Dies ist für viele eine Umstellung innerhalb ihres Prozesses. Daraus abgeleitet, also aus der Master-Definition, ergeben sich direkte Anforderungen an das System. Stichworte wie Audit-Trail oder elektronische Signatur bedürfen der besonderen Erwähnung.
Sollte mein Unternehmen am amerikanischen Markt tätig sein, muss ich die FDA darüber informieren, dass ich beabsichtige eine elektronische Signatur zu verwenden. Sollte ich dies bewusst oder unbewusst unterlassen, könnte dies im Falle eines Audits zu Komplikationen führen.
Grundlage für die Verwendung der Signatur ist ein validiertes System. Ist das System ordnungsgemäß validiert, aber die Meldung noch nicht an die FDA versendet worden, gelten alle Unterschriften im System als nicht geleistet. Und was dies für ein Unternehmen bedeutet, brauche ich hier nicht zu erwähnen.
Bezüglich der Validierung eines SAP-Systems ist der rein funktionsorientierte Ansatz immer mehr durch den prozessorientierten Ansatz ersetzt worden. Das bedeutet, es muss eine klare Definition und ein Verständnis der Prozesse im Unternehmen vorhanden sein.

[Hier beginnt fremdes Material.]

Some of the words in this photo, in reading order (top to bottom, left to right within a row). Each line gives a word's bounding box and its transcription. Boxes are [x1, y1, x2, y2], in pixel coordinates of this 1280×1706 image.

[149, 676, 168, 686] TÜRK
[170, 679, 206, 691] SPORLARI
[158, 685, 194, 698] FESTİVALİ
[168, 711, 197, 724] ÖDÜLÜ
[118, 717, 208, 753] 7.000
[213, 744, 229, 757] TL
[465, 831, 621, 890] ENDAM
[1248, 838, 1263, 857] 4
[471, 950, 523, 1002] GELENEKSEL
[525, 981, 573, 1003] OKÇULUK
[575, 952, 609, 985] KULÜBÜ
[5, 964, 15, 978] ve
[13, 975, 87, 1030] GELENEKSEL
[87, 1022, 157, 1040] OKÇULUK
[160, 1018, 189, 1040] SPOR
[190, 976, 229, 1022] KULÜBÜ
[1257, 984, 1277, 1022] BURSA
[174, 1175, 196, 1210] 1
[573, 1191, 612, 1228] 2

Ein ERP-System hat viele unterschiedliche Aufgaben und ist dementsprechend komplex. Ein solches System stellt bzw. sollte die entsprechenden unternehmerischen Prozesse darstellen.

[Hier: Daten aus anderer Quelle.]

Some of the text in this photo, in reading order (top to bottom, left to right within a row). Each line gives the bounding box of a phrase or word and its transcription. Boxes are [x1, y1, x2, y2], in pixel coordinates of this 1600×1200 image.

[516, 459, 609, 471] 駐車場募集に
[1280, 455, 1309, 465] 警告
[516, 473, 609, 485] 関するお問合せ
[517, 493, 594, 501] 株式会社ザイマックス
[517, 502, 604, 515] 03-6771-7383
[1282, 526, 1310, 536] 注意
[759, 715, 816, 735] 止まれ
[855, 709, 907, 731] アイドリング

Da nicht alle Bereiche/ Prozesse, z. B. Finanzen & Controlling, GxP-relevant sind, ist eine entsprechende Vorgehensweise zu definieren, die die Anforderungen bezüglich der „Compliance" und der wirtschaftlichen Aspekte genüge tut.
Welches Vorgehensmodell empfehlen Sie der pharmazeutischen Industrie?
F. Wallrafen: Die Herausforderung heutzutage ist es, eine SAP-Einführung und Validierung im regulierten Umfeld kostengünstig, schnell und mit einem vertretbaren Aufwand durchzuführen.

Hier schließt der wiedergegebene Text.